Legendary Guitarist, Dickey Betts, Dies Aged 80

Legendary Guitarist, Dickey Betts, Dies Aged 80
Red roses on light grey tombstone outdoors. Funeral ceremony

(DailyDig.com) – Dickey Betts, co-founder of the Allman Brothers and guitar legend, died on April 18 at 80 years old.

The “Ramblin’ Man” author had been fighting cancer over the last year along with his ongoing pulmonary disease, according to Bett’s manager, David Spero. He released a statement from the family stating that they were with Betts during his death. His death brought them sorrow. They asked for prayers and privacy as they mourned their loss.

The Allman Brothers Band posted a tribute to Betts on social media, stating that he was an enthusiastic man during his life. Whatever he did; fishing, golf, songwriting, or boating, his enthusiasm was passionate. They shared that Betts went all in with his writing, and some of their classic songs, such as “Ramblin’ Man,” “Blue Sky,” and “Jessica,” were examples of his passion. They stated that he would be greatly missed and always remembered fondly.

Betts was born and raised in Florida, near “Ramblin’ Man’s” Highway 41. He listened to bluegrass, country, and western.

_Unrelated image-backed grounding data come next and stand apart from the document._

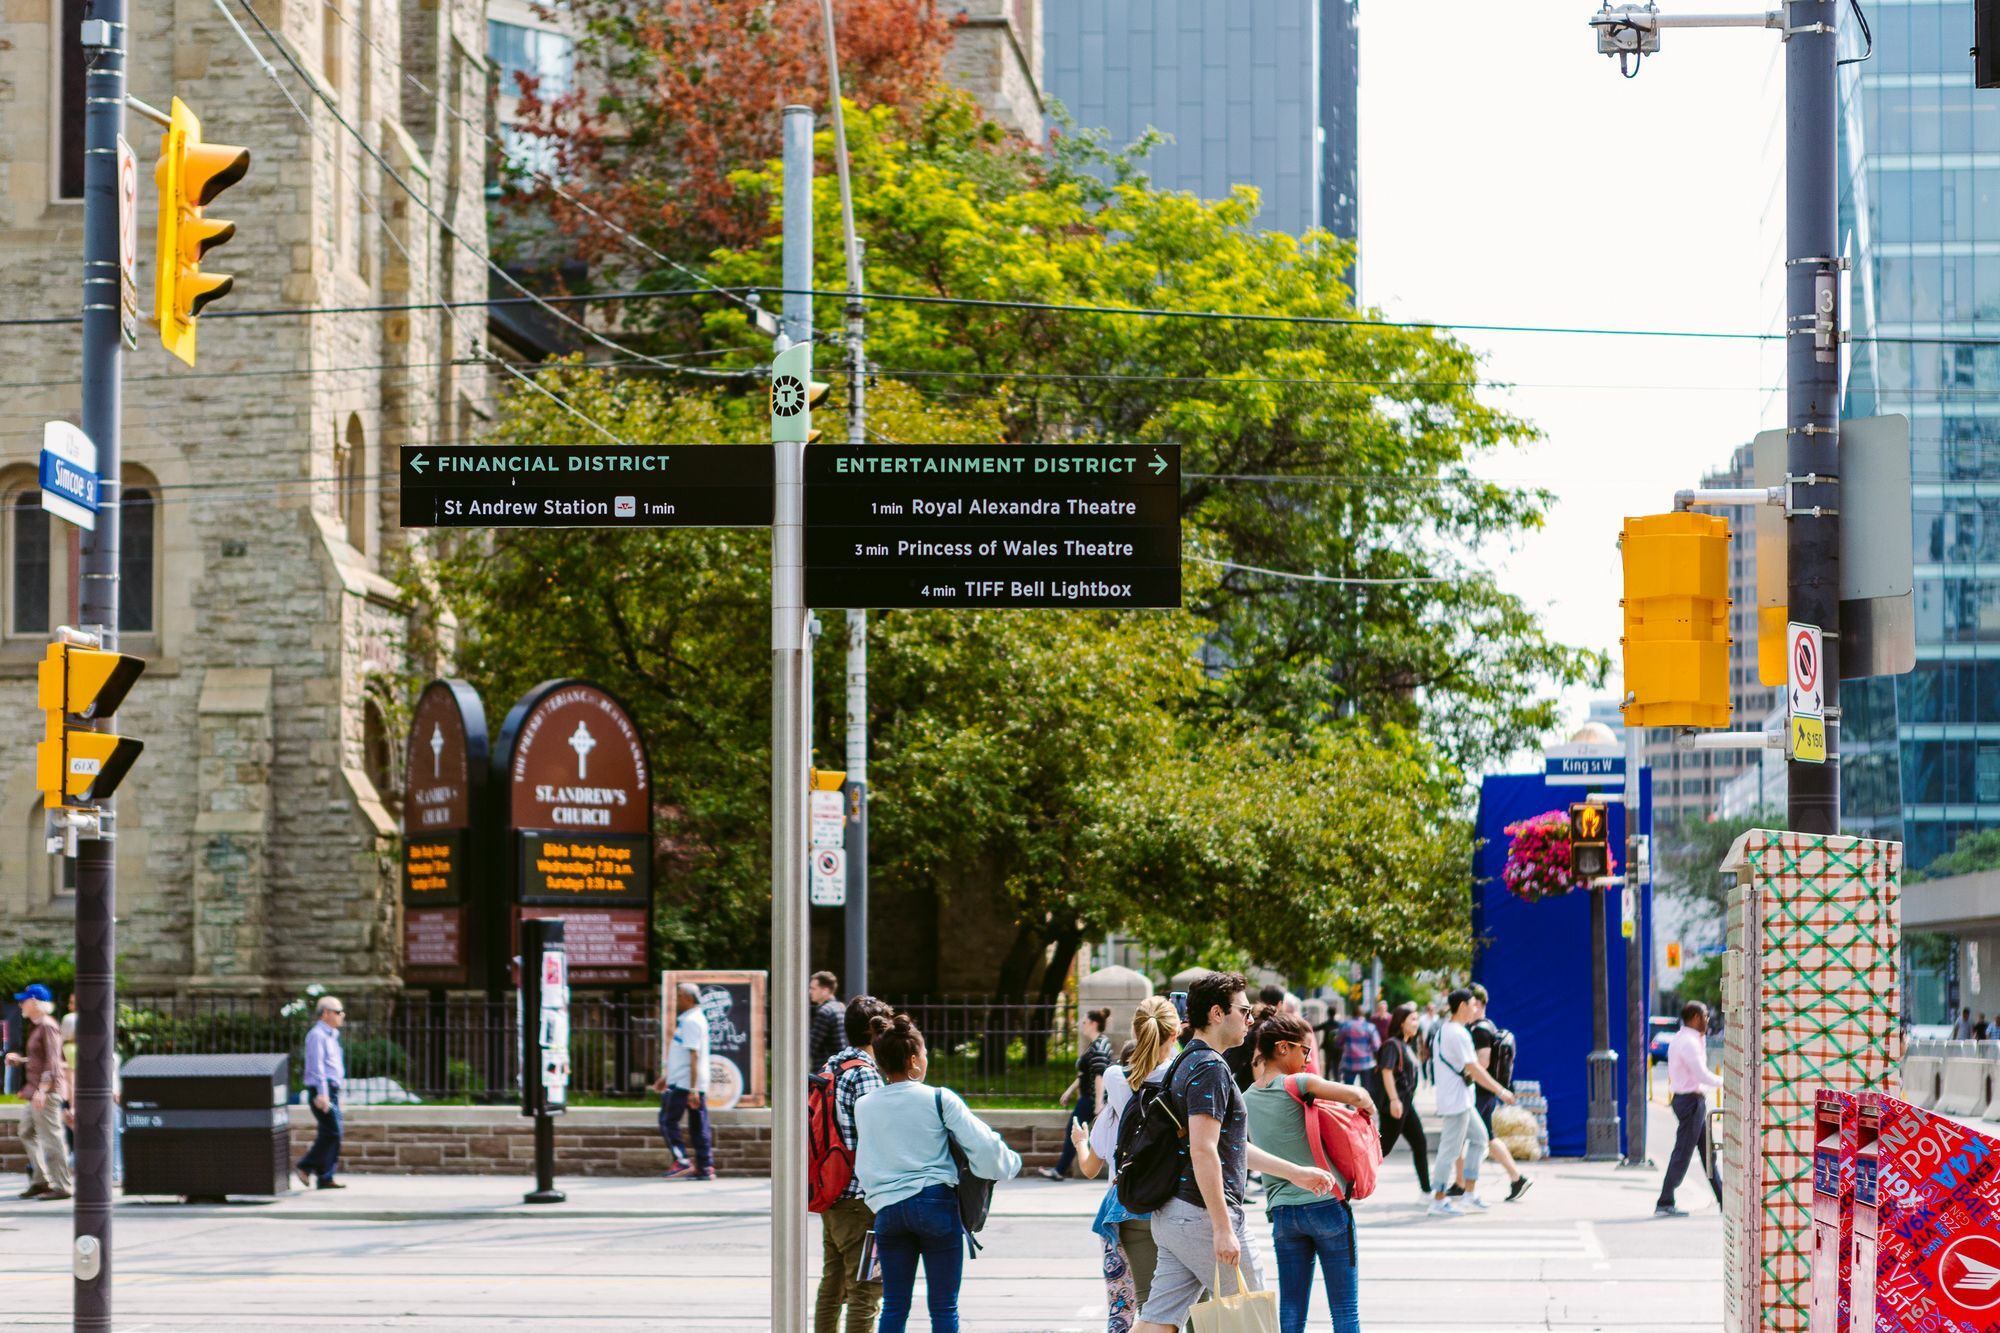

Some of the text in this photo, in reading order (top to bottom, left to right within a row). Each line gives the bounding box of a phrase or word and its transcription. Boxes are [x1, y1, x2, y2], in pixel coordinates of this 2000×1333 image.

[438, 455, 670, 472] FINANCIAL DISTRICT
[836, 457, 1137, 474] ENTERTAINMENT DISTRICT
[55, 459, 85, 498] Simcoe
[444, 500, 463, 515] St
[468, 499, 537, 515] Andrew
[543, 499, 608, 515] Station
[643, 503, 649, 515] 1
[652, 502, 675, 515] min
[871, 499, 1136, 518] 1 min Royal Alexandra Theatre
[855, 540, 1134, 556] 3 min Princess of Wales Theatre
[921, 581, 1132, 601] 4 min TIFF Bell Lightbox
[1562, 759, 1589, 774] King
[1602, 758, 1612, 772] W
[552, 806, 611, 826] CHURCH
[543, 843, 631, 861] Bible Study Groups
[536, 859, 594, 876] Wednesdays
[595, 861, 614, 874] 7:30
[546, 875, 585, 893] Sundays
[126, 1114, 150, 1128] Litter
[1900, 1122, 1965, 1179] P9A
[1931, 1136, 1991, 1189] K4A
[1878, 1163, 1925, 1205] H9X
[1966, 1160, 1994, 1187] E3N
[1913, 1179, 1947, 1205] J6V
[1972, 1181, 1991, 1196] Y1A
[1952, 1183, 1990, 1222] B4E
[1895, 1203, 1936, 1239] V6K
[1939, 1212, 1960, 1234] B2Z
[1950, 1205, 1970, 1226] G3N
[1877, 1223, 1905, 1256] X1A
[1890, 1262, 1926, 1301] V7J
[1881, 1288, 1911, 1312] J5T
[1900, 1297, 1936, 1324] V9L

He played the banjo until he settled on the electric guitar. Eventually, he and Berry Oakley joined a band named Second Coming, but it was in 1969 that Betts and Oakley met Duane Allman and his little brother, Gregg. Together, they formed the Allman Brothers Band, moved to Georgia, and released their first album, “The Allman Brothers Band.”

Betts and Duane shared the duties of playing lead guitar for the band in order to create Southern rock, a new genre combining country, jazz, rock, blues, and rhythm and blues. Allman’s slide guitar blended a blues sound with their music, while Betts’ twang carried the country sound. Their music influenced many bands, such as Kid Rock and Lynyrd Skynyrd.

The biracial makeup of the band, originating from the south, was notable as they broke through the tradition of pop songs lasting just three minutes. Their extended songs gave them a new sound akin to a band’s jam session.

After retiring from the band, Betts lived in Florida with Donna, his wife.